Task management tips for reducing job stress
• Prioritise tasks. Make a list of tasks you have to do, and tackle them in order of importance. Do the high-priority items first. If you have something particularly unpleasant to do, get it over with early. The rest of your day will be more pleasant as a result. Break projects into small steps. If a large project seems overwhelming, make a step-by-step plan. Focus on one manageable step at a time, rather than taking on everything at once.
l Delegate responsibility. You don't have to do it all yourself, whether at home, school, or on the job. If other people can take care of the task, why not let them? Let go of the desire to control or oversee every little step. You'll be letting go of unnecessary stress in the process.
Reducing workplace stress by breaking bad habits
As you learn to manage your job stress and improve your work relationships, you'll have more control over your ability to think clearly and act appropriately. You will be able to break habits that add to your stress at work ¿ and you'll even be able to change negative ways of thinking about things that only add to your stress.
Eliminate self-defeating behaviours
Many of us make job stress worse with patterns of thought or behaviour that keep us from relieving pressure on ourselves. If you can turn around these self-defeating habits, you'll find employer-imposed stress easier to handle.
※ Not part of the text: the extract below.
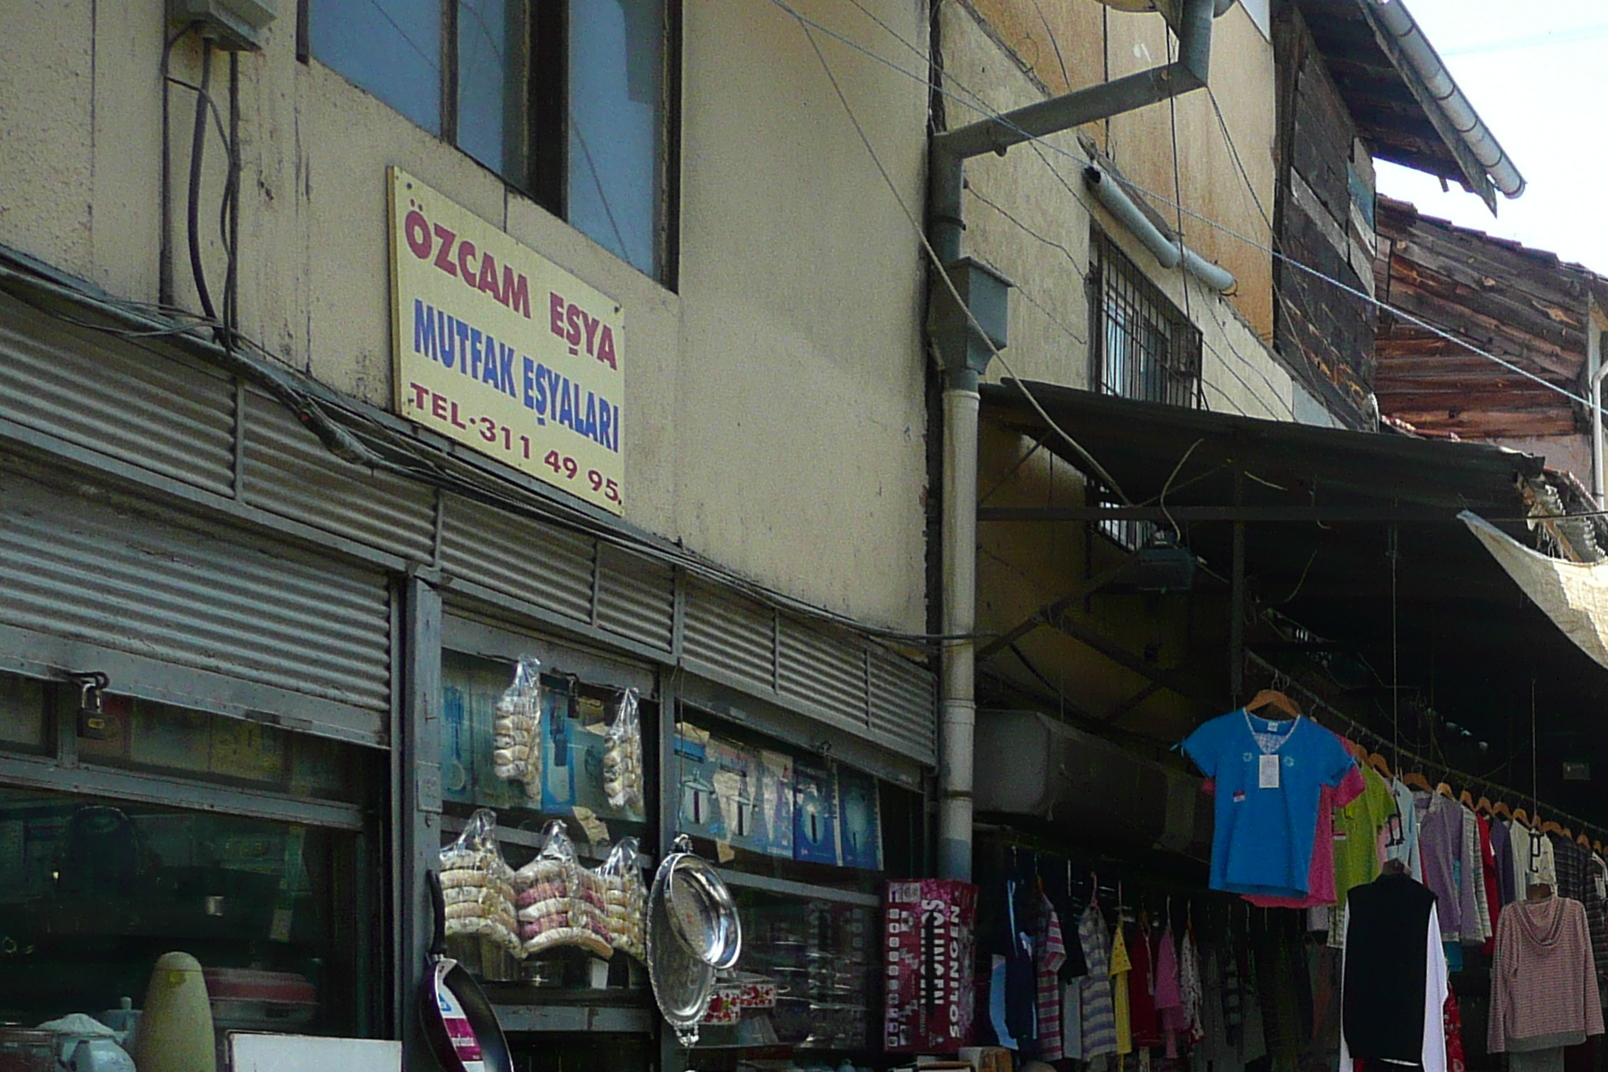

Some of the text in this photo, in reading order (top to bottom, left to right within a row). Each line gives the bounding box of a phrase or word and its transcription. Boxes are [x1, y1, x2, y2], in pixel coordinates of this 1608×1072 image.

• Resist perfectionism. No project, situation, or decision is ever perfect, and you put undue stress on yourself by trying to do everything perfectly. When you set unrealistic goals for yourself or try to do too much, you're setting yourself up to fall short. Do your best, and you'll do fine.
l Clean up your act. If you're always running late, set your clocks and watches fast and give yourself extra time. If your desk is a mess, file and throw away the clutter; just knowing where everything is saves time and cuts stress. Make to-do lists and cross off items as you accomplish them. Plan your day and stick to the schedule — you'll feel less overwhelmed.
• Flip your negative thinking. If you see the downside of every situation and interaction, you'll find yourself drained of energy and motivation. Try to think positively about your work, avoid negative-thinking co-workers, and pat yourself on the back about small accomplishments, even if no one else does.